A congressional charter is a law passed by the United States Congress that states the mission, authority, and activities of an organization. Congress has issued corporate charters since 1791 and the laws that issue them are codified in Title 36 of the United States Code. The first charter issued by Congress was for the First Bank of the United States.

The relationship between Congress and an organization so recognized is largely symbolic, and is intended to lend the organization the legitimacy of being officially sanctioned by the U.S. government. Congress does not oversee or supervise organizations it has so chartered, aside from receiving a yearly financial statement.

==Background==
Until the District of Columbia was granted the ability to issue corporate charters in the late 1800s, corporations operating in the District required a congressional charter. With few exceptions, most corporations since created by Congress are not federally chartered but are simply created as District of Columbia corporations.

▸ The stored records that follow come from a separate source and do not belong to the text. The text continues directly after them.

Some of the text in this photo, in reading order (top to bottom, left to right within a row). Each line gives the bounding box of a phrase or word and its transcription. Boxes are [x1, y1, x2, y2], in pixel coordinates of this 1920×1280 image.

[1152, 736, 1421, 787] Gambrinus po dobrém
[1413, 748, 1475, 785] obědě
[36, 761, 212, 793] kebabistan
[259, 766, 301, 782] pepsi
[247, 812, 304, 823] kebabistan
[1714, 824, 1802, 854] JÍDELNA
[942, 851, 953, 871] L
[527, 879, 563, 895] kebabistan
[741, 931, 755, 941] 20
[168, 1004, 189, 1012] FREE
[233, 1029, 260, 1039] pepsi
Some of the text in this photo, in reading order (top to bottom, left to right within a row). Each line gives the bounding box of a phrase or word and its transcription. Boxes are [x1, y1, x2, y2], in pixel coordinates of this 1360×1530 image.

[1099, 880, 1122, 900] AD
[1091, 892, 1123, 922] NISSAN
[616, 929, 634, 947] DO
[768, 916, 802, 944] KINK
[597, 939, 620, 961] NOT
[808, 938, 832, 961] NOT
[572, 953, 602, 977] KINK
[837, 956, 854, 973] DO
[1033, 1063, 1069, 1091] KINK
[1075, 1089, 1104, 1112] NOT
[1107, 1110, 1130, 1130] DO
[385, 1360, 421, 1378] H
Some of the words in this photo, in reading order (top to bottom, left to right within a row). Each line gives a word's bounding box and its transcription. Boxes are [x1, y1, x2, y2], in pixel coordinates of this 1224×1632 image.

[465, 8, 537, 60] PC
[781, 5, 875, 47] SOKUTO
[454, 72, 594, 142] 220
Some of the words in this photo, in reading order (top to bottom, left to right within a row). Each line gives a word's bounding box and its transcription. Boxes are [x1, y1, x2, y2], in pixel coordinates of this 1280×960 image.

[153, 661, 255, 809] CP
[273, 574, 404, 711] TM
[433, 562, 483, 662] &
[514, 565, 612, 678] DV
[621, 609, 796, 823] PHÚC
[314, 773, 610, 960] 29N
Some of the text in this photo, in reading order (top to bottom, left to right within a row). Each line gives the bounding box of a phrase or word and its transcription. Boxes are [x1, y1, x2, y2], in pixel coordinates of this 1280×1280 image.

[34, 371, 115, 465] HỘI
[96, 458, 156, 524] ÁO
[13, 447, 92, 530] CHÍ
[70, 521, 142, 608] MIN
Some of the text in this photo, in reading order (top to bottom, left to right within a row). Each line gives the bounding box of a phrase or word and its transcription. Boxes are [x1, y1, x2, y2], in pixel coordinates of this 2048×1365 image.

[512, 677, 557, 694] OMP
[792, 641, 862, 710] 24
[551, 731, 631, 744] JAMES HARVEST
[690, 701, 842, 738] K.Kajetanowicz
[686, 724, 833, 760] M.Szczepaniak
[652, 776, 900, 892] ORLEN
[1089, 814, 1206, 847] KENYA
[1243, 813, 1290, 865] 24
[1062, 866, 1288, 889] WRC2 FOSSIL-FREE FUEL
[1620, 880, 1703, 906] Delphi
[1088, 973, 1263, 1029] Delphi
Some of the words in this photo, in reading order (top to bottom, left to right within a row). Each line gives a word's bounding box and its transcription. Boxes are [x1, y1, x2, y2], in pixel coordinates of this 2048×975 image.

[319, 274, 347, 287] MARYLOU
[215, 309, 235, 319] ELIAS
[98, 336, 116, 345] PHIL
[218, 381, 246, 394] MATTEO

Some charters create corporate entities, akin to being incorporated at the federal level. Examples of such charters are the Federal Reserve Bank, Federal Deposit Insurance Corporation, Civil Air Patrol, Fannie Mae, Freddie Mac, and the Tennessee Valley Authority. Other national-level groups with such charters are the American Chemical Society, American Legion, American Red Cross, Scouting America, the Girl Scouts of the USA, Little League Baseball Inc, the National Academy of Public Administration, the National Academy of Sciences, the National Institute of Building Sciences, the National Ski Patrol, the National FFA Organization, the National Safety Council, National Park Foundation, the Disabled American Veterans, Veterans of Foreign Wars, National Trust for Historic Preservation, the United States Olympic Committee, the National Conference on Citizenship, and NeighborWorks America.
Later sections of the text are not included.